__Work request__: All of the records should come back exactly as written.

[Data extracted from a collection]

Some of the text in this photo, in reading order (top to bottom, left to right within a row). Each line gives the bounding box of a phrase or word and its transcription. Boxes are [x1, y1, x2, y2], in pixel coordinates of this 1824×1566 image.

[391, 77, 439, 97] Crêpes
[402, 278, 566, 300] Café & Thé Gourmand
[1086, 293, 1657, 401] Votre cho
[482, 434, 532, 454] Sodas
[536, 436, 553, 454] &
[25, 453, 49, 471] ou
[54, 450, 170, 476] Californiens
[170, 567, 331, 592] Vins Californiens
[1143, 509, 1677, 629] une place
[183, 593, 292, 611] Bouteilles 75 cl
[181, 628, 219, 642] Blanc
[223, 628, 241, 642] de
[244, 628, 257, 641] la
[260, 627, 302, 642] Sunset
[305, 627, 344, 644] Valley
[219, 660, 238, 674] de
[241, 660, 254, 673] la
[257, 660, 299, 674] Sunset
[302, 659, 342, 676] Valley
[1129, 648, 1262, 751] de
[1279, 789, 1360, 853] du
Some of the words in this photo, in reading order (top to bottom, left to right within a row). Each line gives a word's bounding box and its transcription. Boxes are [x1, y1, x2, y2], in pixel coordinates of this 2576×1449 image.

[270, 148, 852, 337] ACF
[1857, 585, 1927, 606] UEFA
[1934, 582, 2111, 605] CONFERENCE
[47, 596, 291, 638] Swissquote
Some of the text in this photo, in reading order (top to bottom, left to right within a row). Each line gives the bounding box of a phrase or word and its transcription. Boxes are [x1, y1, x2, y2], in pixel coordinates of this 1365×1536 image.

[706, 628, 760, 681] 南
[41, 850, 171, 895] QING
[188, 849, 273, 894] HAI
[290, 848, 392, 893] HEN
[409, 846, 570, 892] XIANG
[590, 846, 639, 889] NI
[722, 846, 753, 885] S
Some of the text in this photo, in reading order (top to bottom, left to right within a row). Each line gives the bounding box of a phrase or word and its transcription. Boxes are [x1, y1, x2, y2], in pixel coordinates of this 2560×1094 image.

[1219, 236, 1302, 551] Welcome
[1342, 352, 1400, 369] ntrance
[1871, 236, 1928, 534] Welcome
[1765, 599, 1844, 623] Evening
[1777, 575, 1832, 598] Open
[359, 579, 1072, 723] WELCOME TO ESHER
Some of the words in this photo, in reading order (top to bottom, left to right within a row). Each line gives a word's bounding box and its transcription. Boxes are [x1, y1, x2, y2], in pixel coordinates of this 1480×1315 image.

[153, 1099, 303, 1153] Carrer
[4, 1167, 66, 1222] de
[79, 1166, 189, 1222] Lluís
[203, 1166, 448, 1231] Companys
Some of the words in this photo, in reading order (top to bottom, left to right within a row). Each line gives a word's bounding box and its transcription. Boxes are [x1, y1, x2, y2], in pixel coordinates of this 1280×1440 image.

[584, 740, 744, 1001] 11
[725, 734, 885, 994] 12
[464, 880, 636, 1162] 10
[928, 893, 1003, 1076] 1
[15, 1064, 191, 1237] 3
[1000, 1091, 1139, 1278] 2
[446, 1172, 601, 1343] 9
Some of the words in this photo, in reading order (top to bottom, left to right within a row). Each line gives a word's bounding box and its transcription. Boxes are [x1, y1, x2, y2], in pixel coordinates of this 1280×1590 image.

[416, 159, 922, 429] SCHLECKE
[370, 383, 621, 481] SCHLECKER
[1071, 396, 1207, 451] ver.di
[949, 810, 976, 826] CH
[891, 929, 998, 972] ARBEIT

__Solution for this exercise__:
Some of the text in this photo, in reading order (top to bottom, left to right within a row). Each line gives the bounding box of a phrase or word and its transcription. Boxes are [x1, y1, x2, y2], in pixel coordinates of this 1824×1566 image.

[391, 77, 439, 97] Crêpes
[402, 278, 566, 300] Café & Thé Gourmand
[1086, 293, 1657, 401] Votre cho
[482, 434, 532, 454] Sodas
[536, 436, 553, 454] &
[25, 453, 49, 471] ou
[54, 450, 170, 476] Californiens
[170, 567, 331, 592] Vins Californiens
[1143, 509, 1677, 629] une place
[183, 593, 292, 611] Bouteilles 75 cl
[181, 628, 219, 642] Blanc
[223, 628, 241, 642] de
[244, 628, 257, 641] la
[260, 627, 302, 642] Sunset
[305, 627, 344, 644] Valley
[219, 660, 238, 674] de
[241, 660, 254, 673] la
[257, 660, 299, 674] Sunset
[302, 659, 342, 676] Valley
[1129, 648, 1262, 751] de
[1279, 789, 1360, 853] du
Some of the words in this photo, in reading order (top to bottom, left to right within a row). Each line gives a word's bounding box and its transcription. Boxes are [x1, y1, x2, y2], in pixel coordinates of this 2576×1449 image.

[270, 148, 852, 337] ACF
[1857, 585, 1927, 606] UEFA
[1934, 582, 2111, 605] CONFERENCE
[47, 596, 291, 638] Swissquote
Some of the text in this photo, in reading order (top to bottom, left to right within a row). Each line gives the bounding box of a phrase or word and its transcription. Boxes are [x1, y1, x2, y2], in pixel coordinates of this 1365×1536 image.

[706, 628, 760, 681] 南
[41, 850, 171, 895] QING
[188, 849, 273, 894] HAI
[290, 848, 392, 893] HEN
[409, 846, 570, 892] XIANG
[590, 846, 639, 889] NI
[722, 846, 753, 885] S
Some of the text in this photo, in reading order (top to bottom, left to right within a row). Each line gives the bounding box of a phrase or word and its transcription. Boxes are [x1, y1, x2, y2], in pixel coordinates of this 2560×1094 image.

[1219, 236, 1302, 551] Welcome
[1342, 352, 1400, 369] ntrance
[1871, 236, 1928, 534] Welcome
[1765, 599, 1844, 623] Evening
[1777, 575, 1832, 598] Open
[359, 579, 1072, 723] WELCOME TO ESHER
Some of the words in this photo, in reading order (top to bottom, left to right within a row). Each line gives a word's bounding box and its transcription. Boxes are [x1, y1, x2, y2], in pixel coordinates of this 1480×1315 image.

[153, 1099, 303, 1153] Carrer
[4, 1167, 66, 1222] de
[79, 1166, 189, 1222] Lluís
[203, 1166, 448, 1231] Companys
Some of the words in this photo, in reading order (top to bottom, left to right within a row). Each line gives a word's bounding box and its transcription. Boxes are [x1, y1, x2, y2], in pixel coordinates of this 1280×1440 image.

[584, 740, 744, 1001] 11
[725, 734, 885, 994] 12
[464, 880, 636, 1162] 10
[928, 893, 1003, 1076] 1
[15, 1064, 191, 1237] 3
[1000, 1091, 1139, 1278] 2
[446, 1172, 601, 1343] 9
Some of the words in this photo, in reading order (top to bottom, left to right within a row). Each line gives a word's bounding box and its transcription. Boxes are [x1, y1, x2, y2], in pixel coordinates of this 1280×1590 image.

[416, 159, 922, 429] SCHLECKE
[370, 383, 621, 481] SCHLECKER
[1071, 396, 1207, 451] ver.di
[949, 810, 976, 826] CH
[891, 929, 998, 972] ARBEIT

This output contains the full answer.